(Try it):
Leave out the pictures and restate the rest of the data exactly.

Phrase grounding data:
- - - - - - -

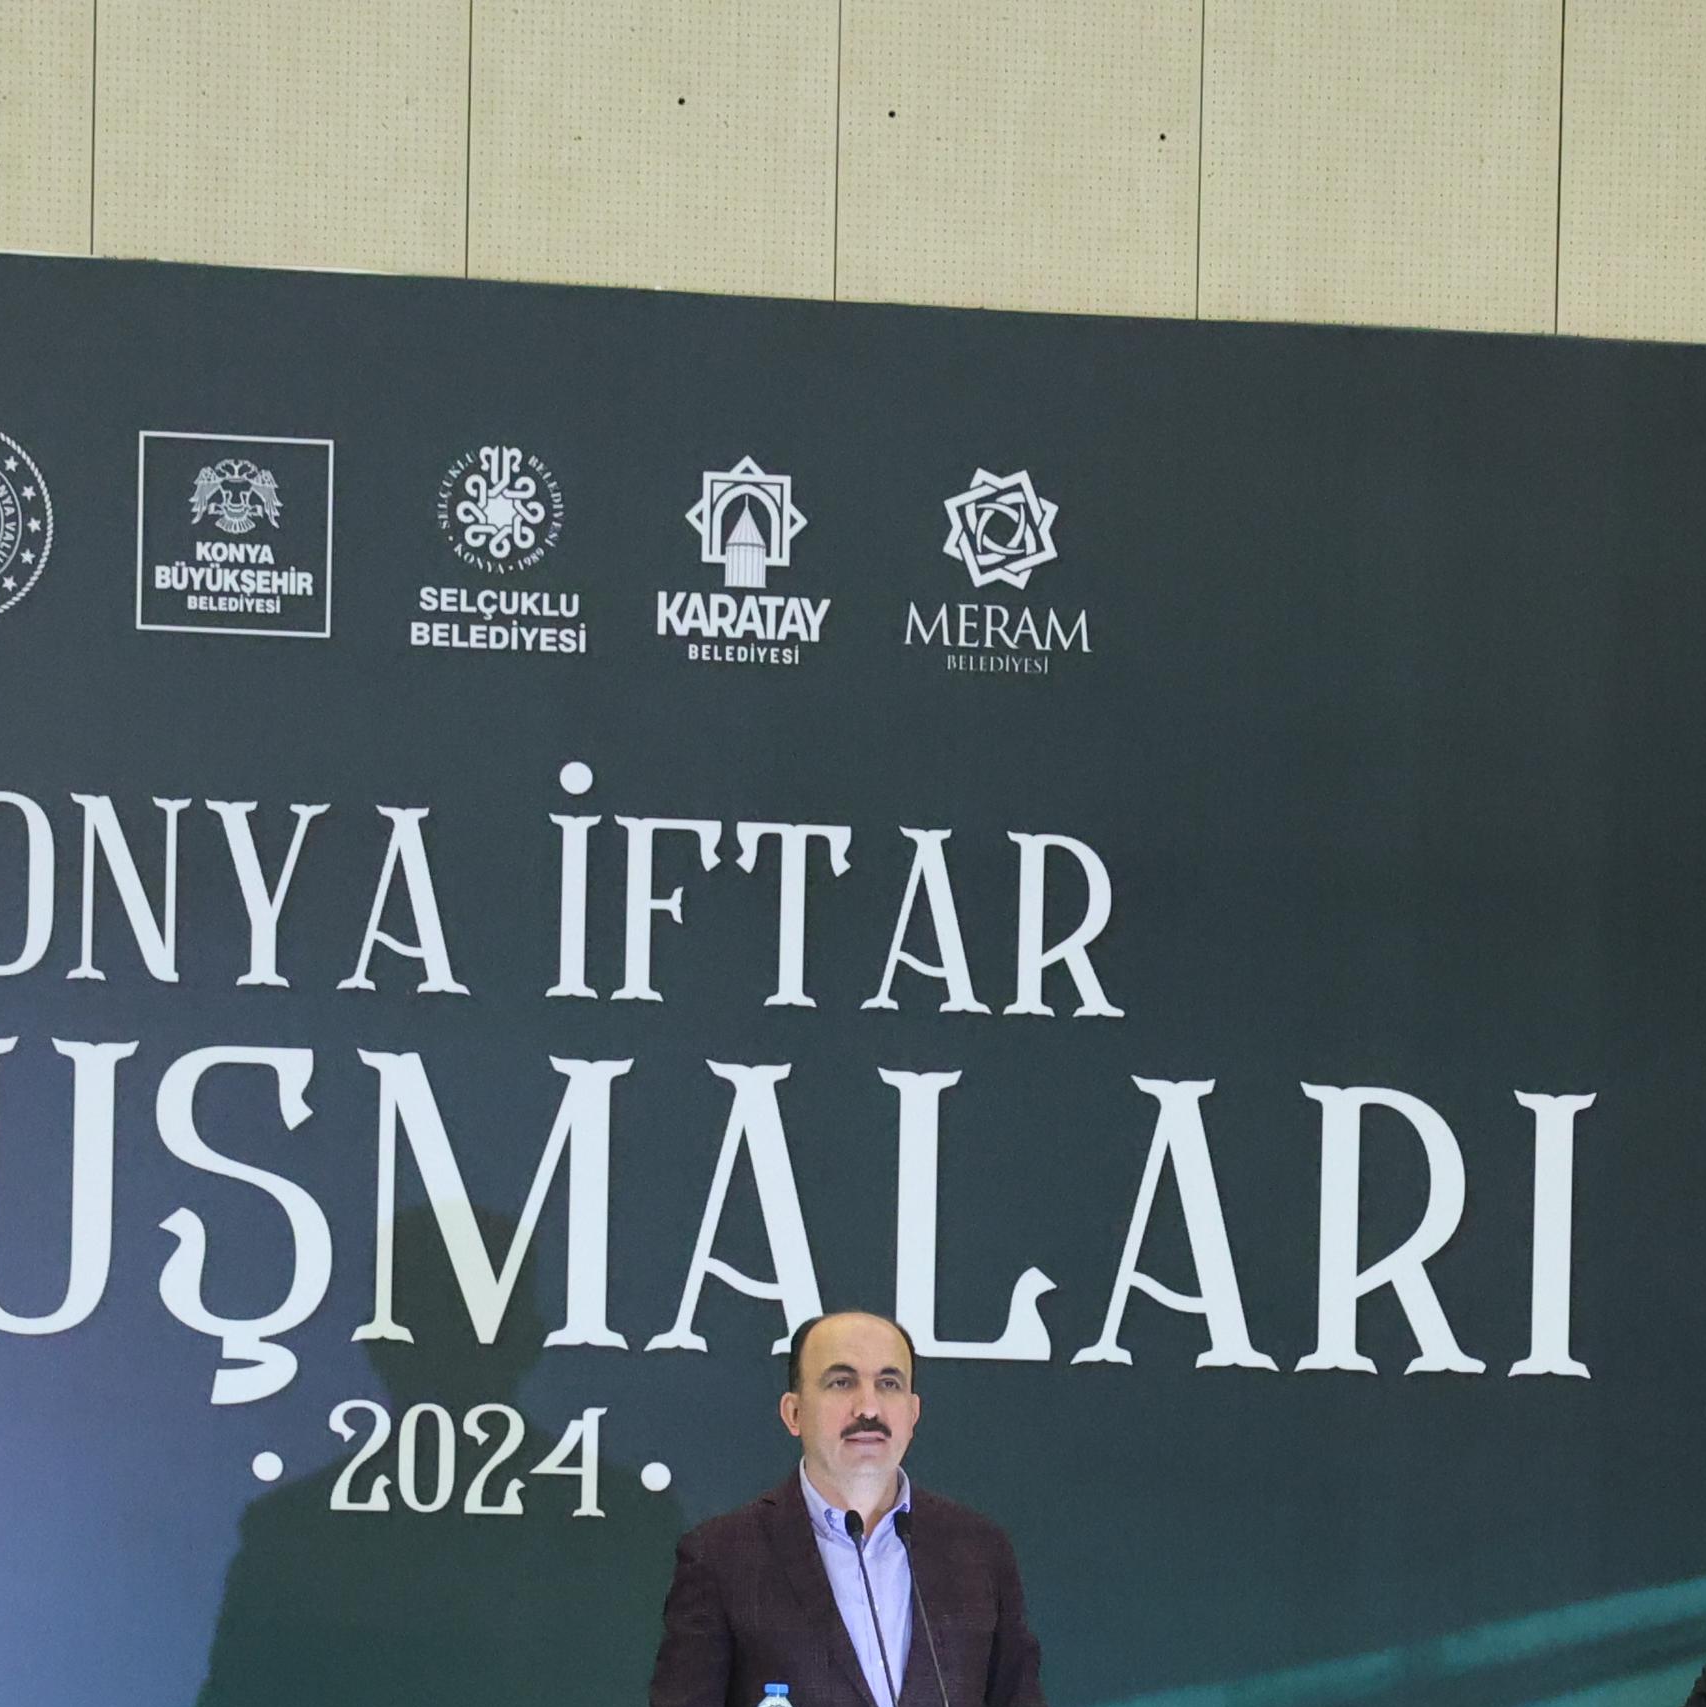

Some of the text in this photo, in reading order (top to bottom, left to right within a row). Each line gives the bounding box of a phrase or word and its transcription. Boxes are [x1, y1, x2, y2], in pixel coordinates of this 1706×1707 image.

[195, 541, 275, 567] KONYA
[517, 547, 545, 570] 1989
[155, 561, 313, 601] BÜYÜKŞEHİR
[187, 593, 281, 614] BELEDİYESİ
[419, 586, 579, 620] SELÇUKLU
[657, 590, 831, 642] KARATAY
[410, 619, 586, 653] BELEDİYESİ
[904, 601, 1091, 653] MERAM
[688, 642, 799, 665] BELEDİYESİ
[947, 654, 1048, 674] BELEDİYESİ
[545, 761, 1125, 1018] İFTAR
[328, 1398, 608, 1518] 2024

- - - - - - -

(Output of the task):
Some of the text in this photo, in reading order (top to bottom, left to right within a row). Each line gives the bounding box of a phrase or word and its transcription. Boxes are [x1, y1, x2, y2], in pixel coordinates of this 1706×1707 image.

[195, 541, 275, 567] KONYA
[517, 547, 545, 570] 1989
[155, 561, 313, 601] BÜYÜKŞEHİR
[187, 593, 281, 614] BELEDİYESİ
[419, 586, 579, 620] SELÇUKLU
[657, 590, 831, 642] KARATAY
[410, 619, 586, 653] BELEDİYESİ
[904, 601, 1091, 653] MERAM
[688, 642, 799, 665] BELEDİYESİ
[947, 654, 1048, 674] BELEDİYESİ
[545, 761, 1125, 1018] İFTAR
[328, 1398, 608, 1518] 2024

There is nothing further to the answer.